:: Exercise data ::

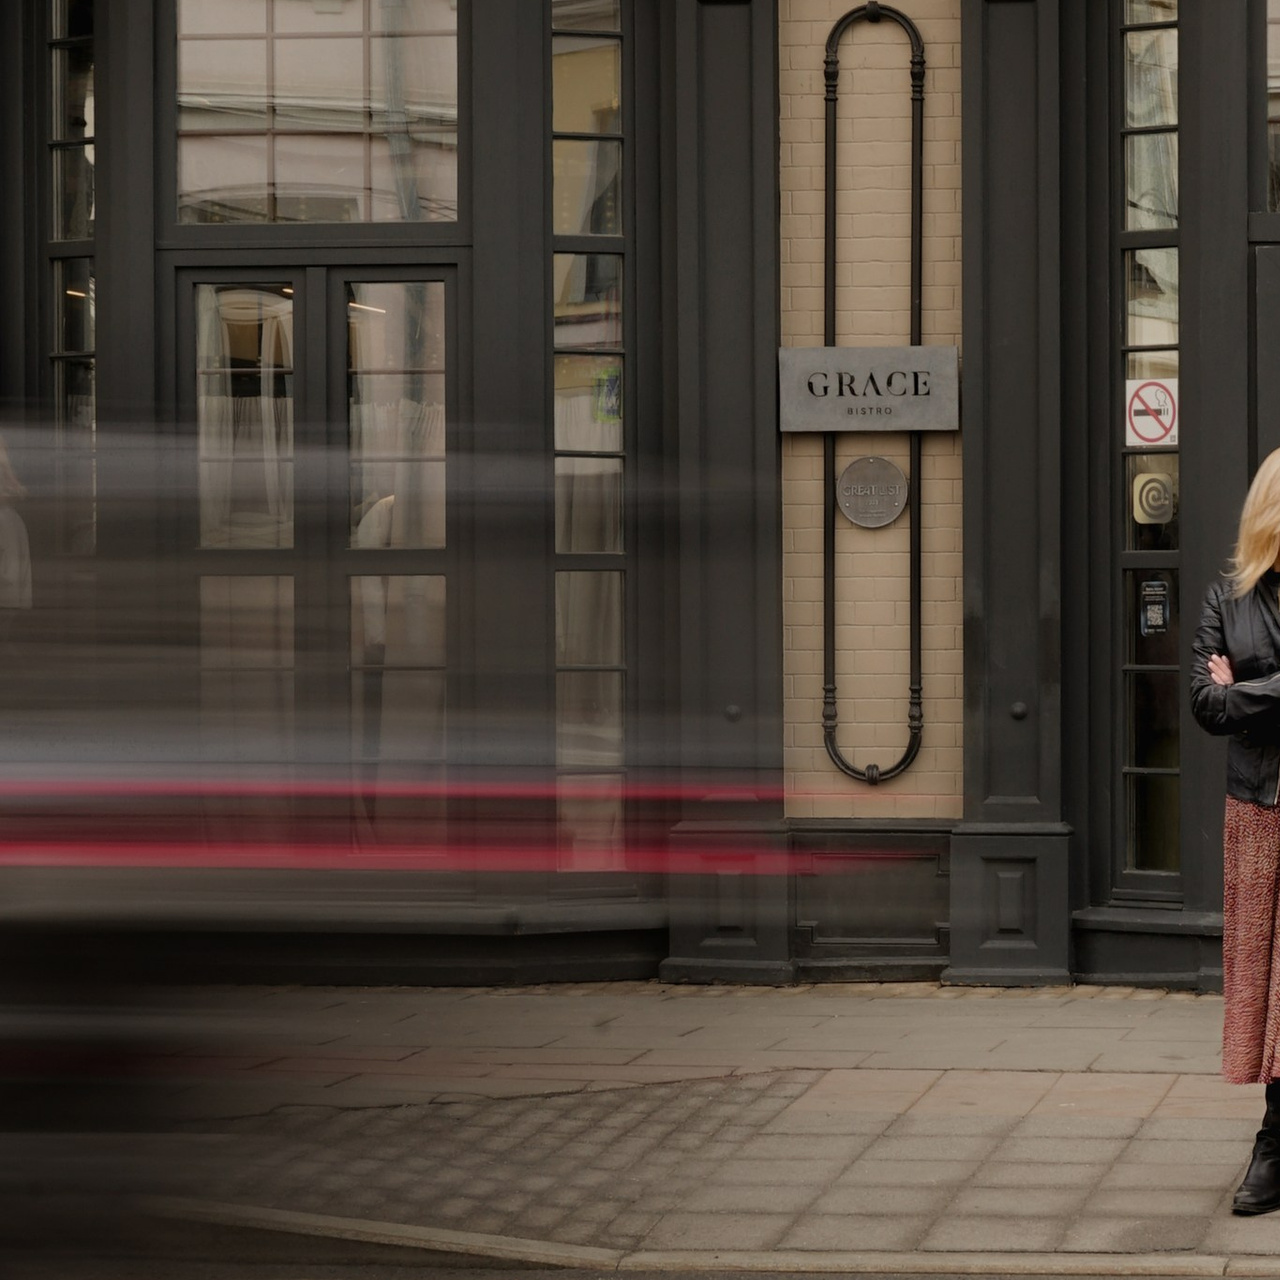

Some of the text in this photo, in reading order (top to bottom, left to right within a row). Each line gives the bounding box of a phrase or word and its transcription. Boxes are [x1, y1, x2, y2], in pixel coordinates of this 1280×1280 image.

[807, 370, 931, 398] GRACE
[847, 407, 893, 416] BISTRO
[843, 484, 901, 496] GREAT LIST
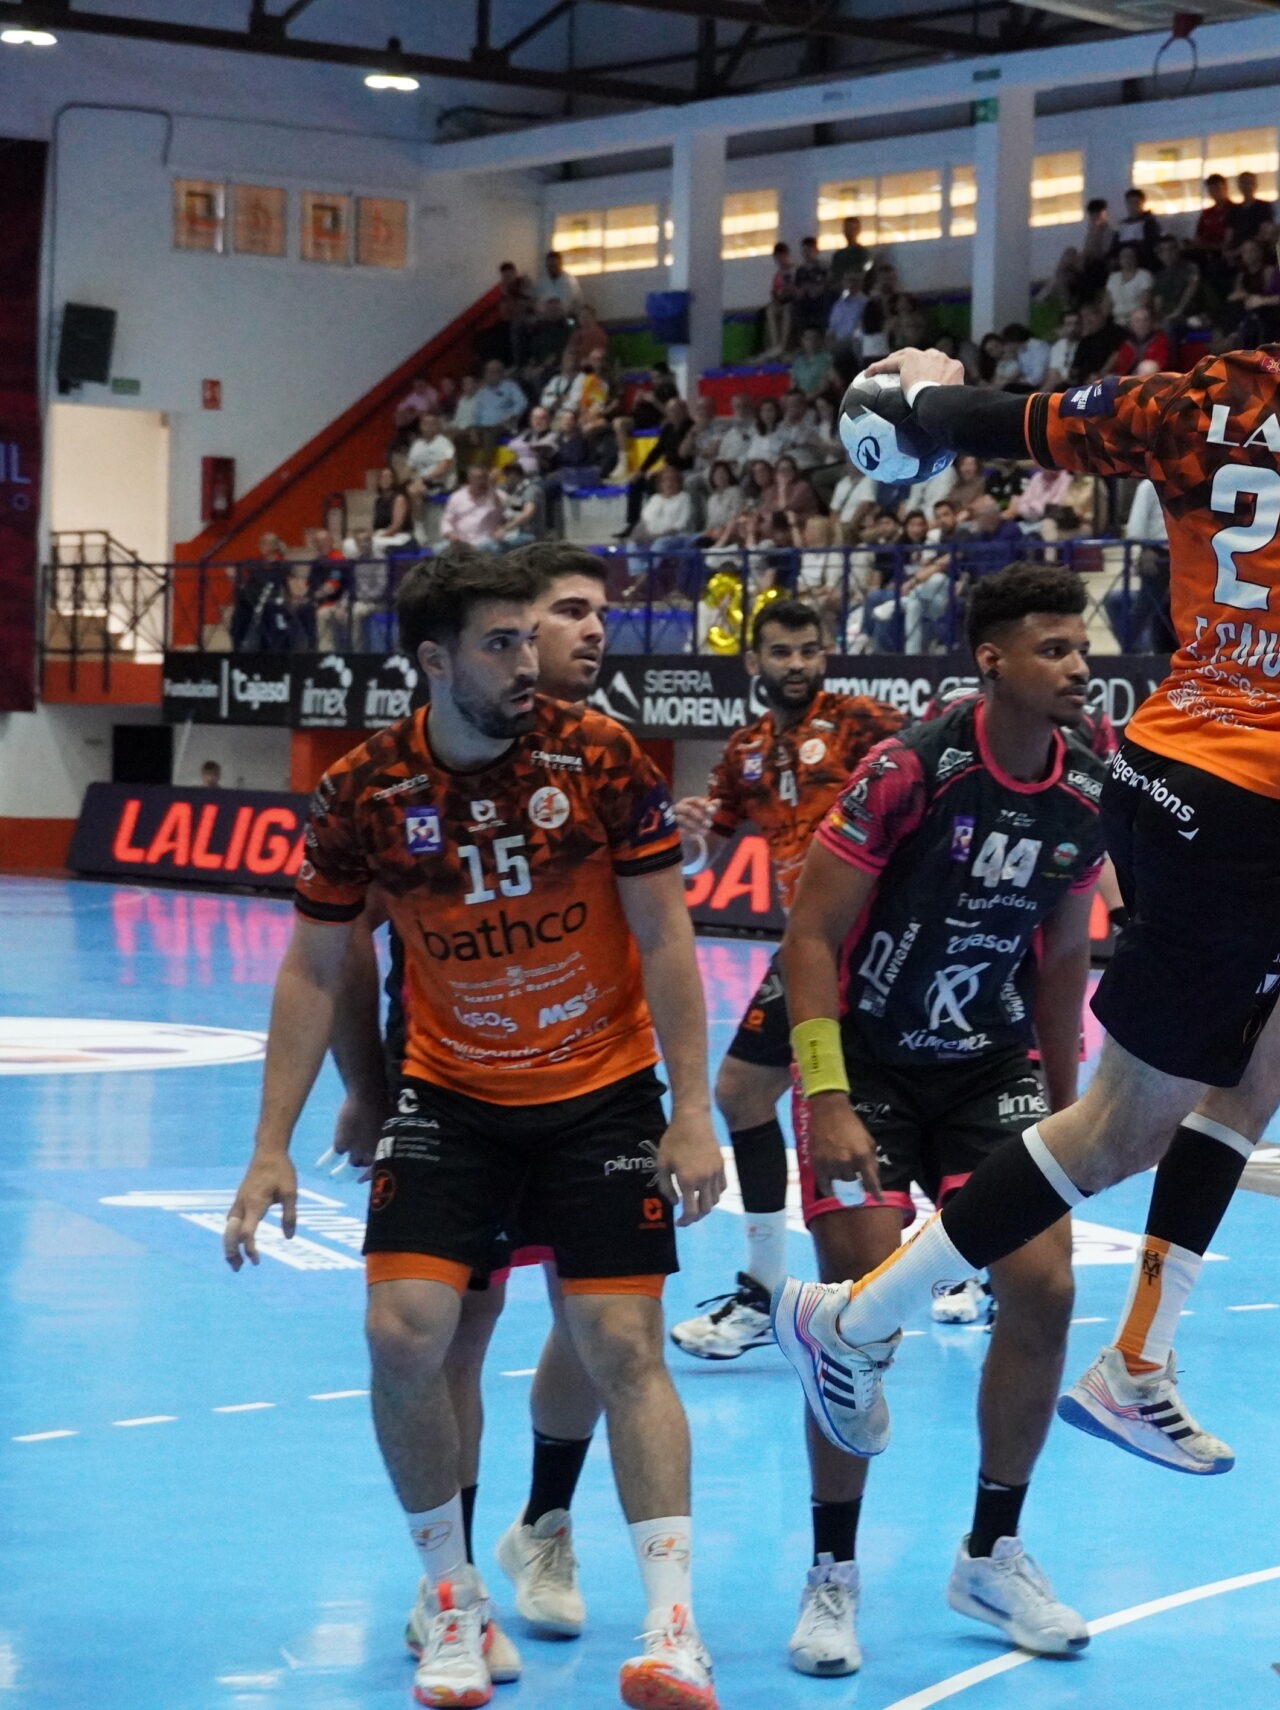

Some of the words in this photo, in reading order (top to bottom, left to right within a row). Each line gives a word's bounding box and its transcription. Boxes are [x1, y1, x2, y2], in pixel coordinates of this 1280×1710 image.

[643, 697, 747, 727] MORENA
[778, 769, 798, 807] 4
[457, 834, 532, 905] 15
[971, 831, 1043, 888] 44
[416, 902, 588, 962] bathco
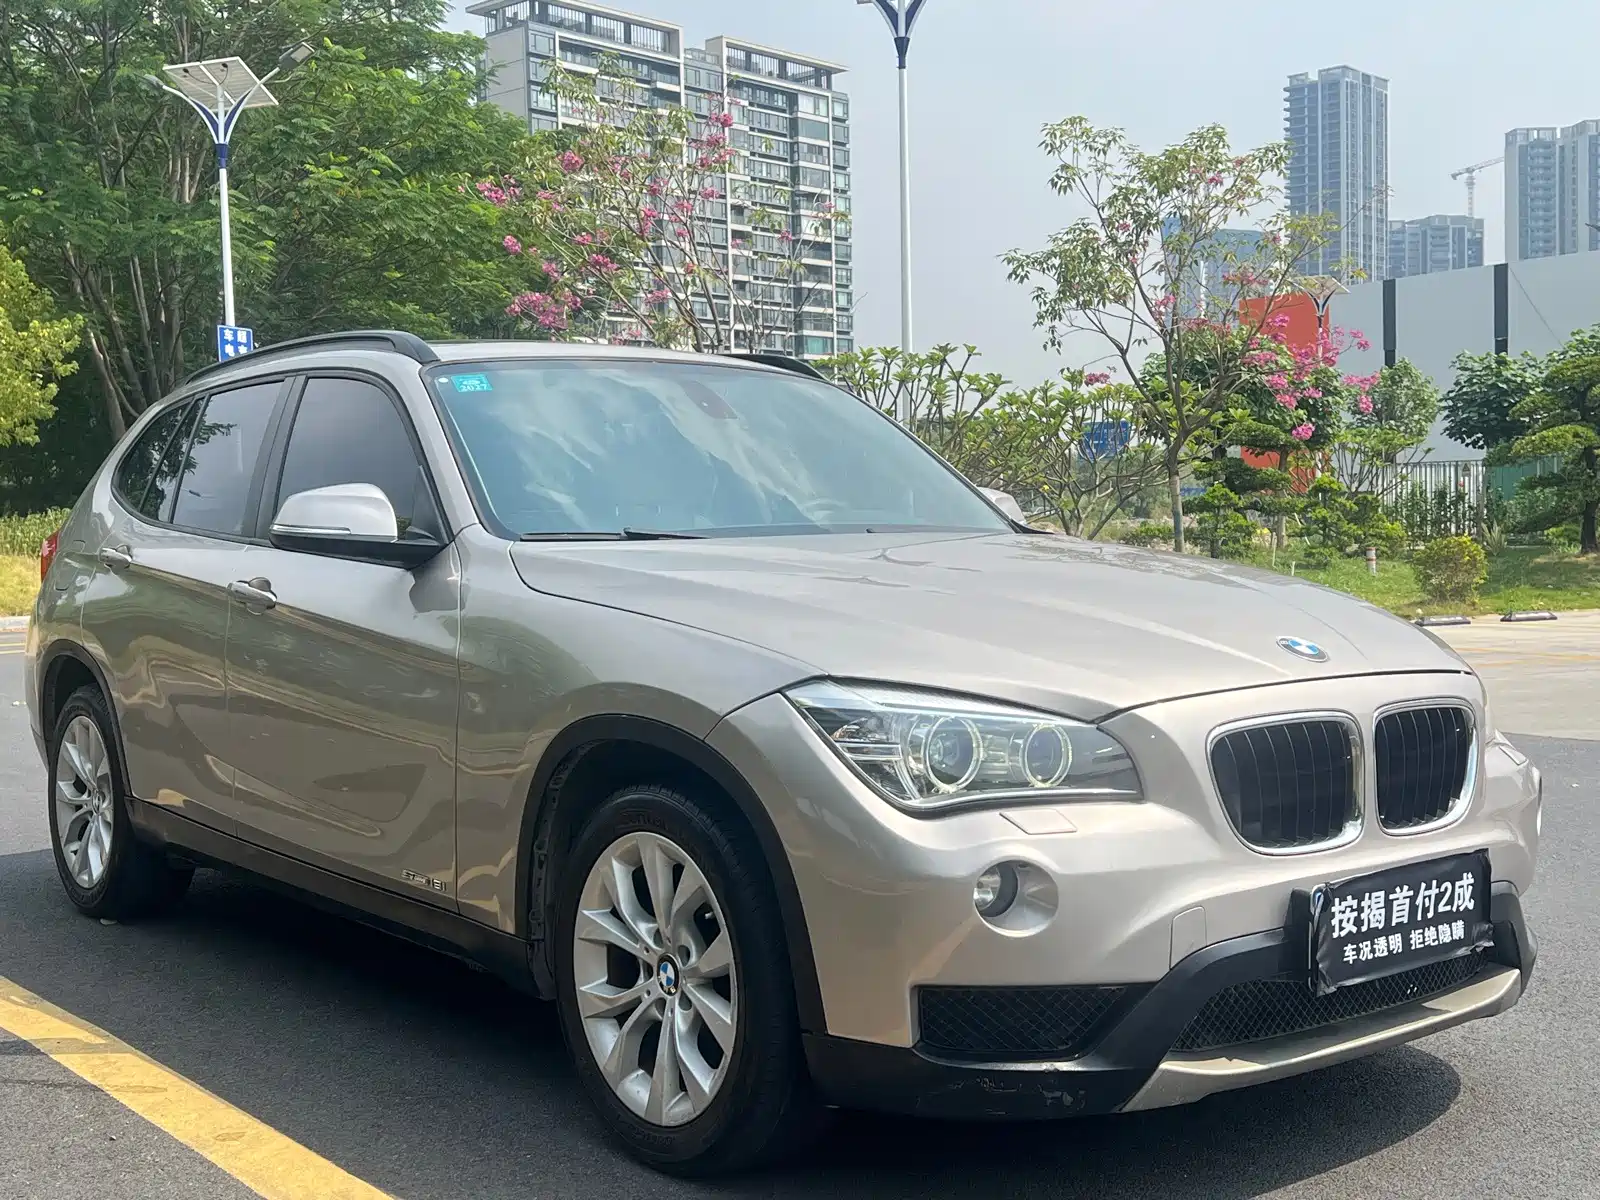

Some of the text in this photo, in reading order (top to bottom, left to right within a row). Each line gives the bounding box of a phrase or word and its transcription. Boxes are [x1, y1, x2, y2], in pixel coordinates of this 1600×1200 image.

[1331, 872, 1475, 939] 按揭首付2成
[1343, 920, 1465, 965] 车况透明 拒绝隐瞒
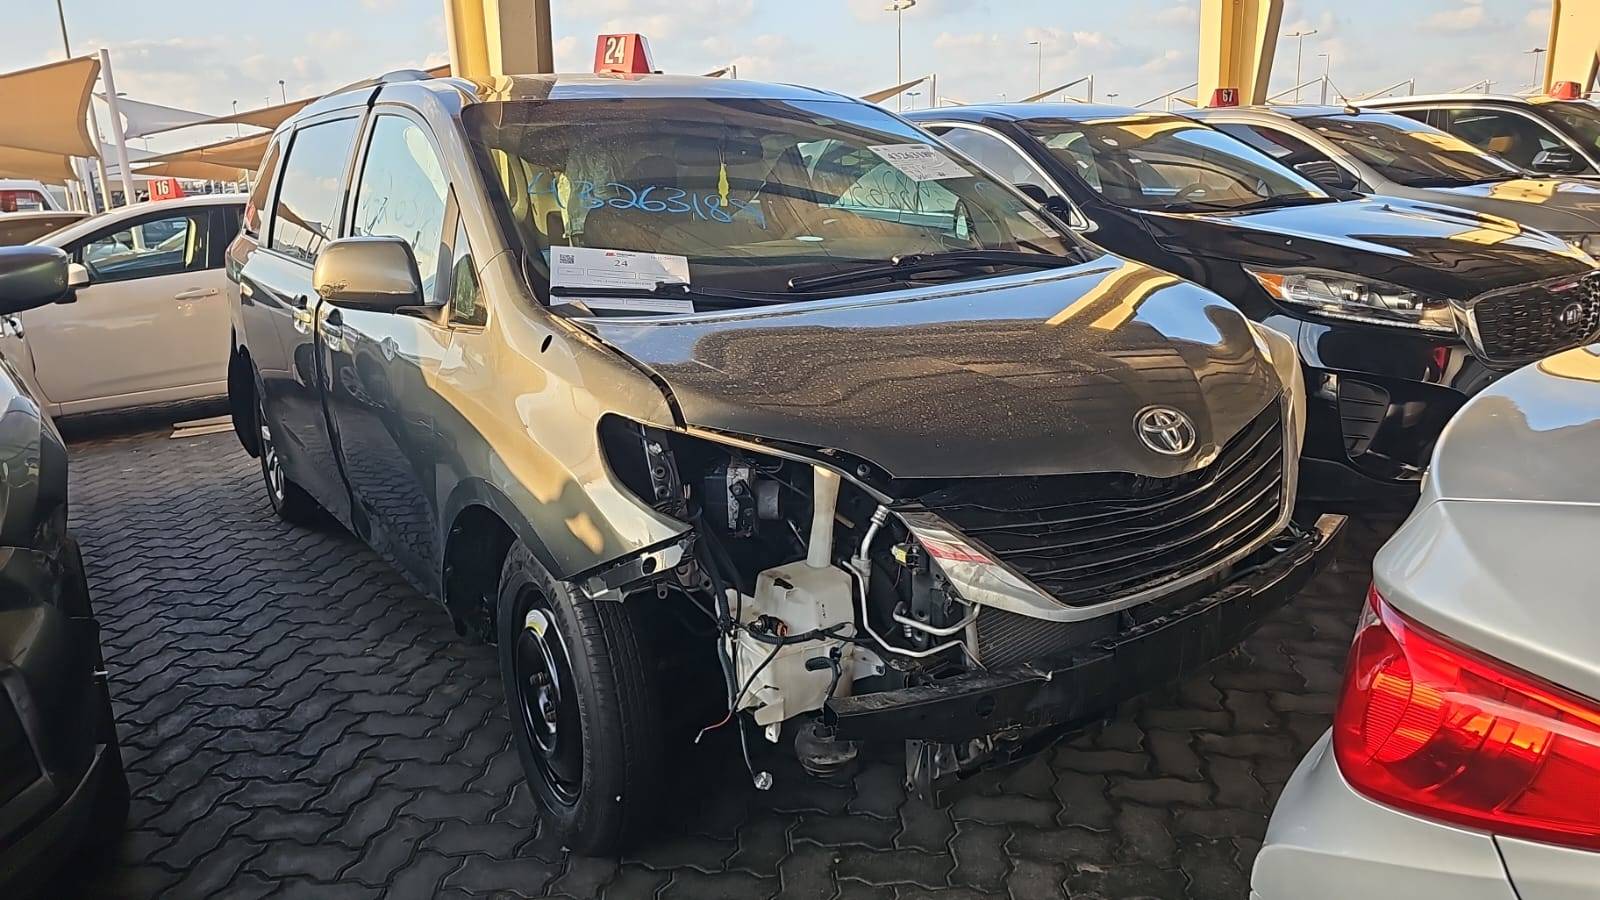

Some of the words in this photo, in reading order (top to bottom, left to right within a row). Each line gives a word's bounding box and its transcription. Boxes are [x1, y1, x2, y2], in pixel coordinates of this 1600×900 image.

[604, 36, 626, 64] 24
[1222, 89, 1233, 102] 67
[156, 180, 169, 195] 16
[614, 259, 628, 267] 24

:::

◆ What you need to do
Pictures are to be excluded; the records themselves are to be reproduced exactly.

◆ Answer to the exercise
Some of the text in this photo, in reading order (top to bottom, left to right within a row). Each line gives the bounding box of a phrase or word and its transcription. Boxes are [x1, y1, x2, y2], in pixel coordinates of this 1280×1280 image.

[807, 370, 931, 398] GRACE
[847, 407, 893, 416] BISTRO
[843, 484, 901, 496] GREAT LIST

Some of the words in this photo, in reading order (top to bottom, left to right within a row). Each line gives a word's bounding box and its transcription. Boxes are [x1, y1, x2, y2], in pixel coordinates of this 1280×1710 image.

[643, 697, 747, 727] MORENA
[778, 769, 798, 807] 4
[457, 834, 532, 905] 15
[971, 831, 1043, 888] 44
[416, 902, 588, 962] bathco

Some of the text in this photo, in reading order (top to bottom, left to right within a row). Each line gives the bounding box of a phrase or word and its transcription. Boxes are [x1, y1, x2, y2], in pixel coordinates of this 1600×1200 image.

[1331, 872, 1475, 939] 按揭首付2成
[1343, 920, 1465, 965] 车况透明 拒绝隐瞒

Some of the words in this photo, in reading order (top to bottom, left to right within a row). Each line gives a word's bounding box and its transcription. Boxes are [x1, y1, x2, y2], in pixel coordinates of this 1600×900 image.

[604, 36, 626, 64] 24
[1222, 89, 1233, 102] 67
[156, 180, 169, 195] 16
[614, 259, 628, 267] 24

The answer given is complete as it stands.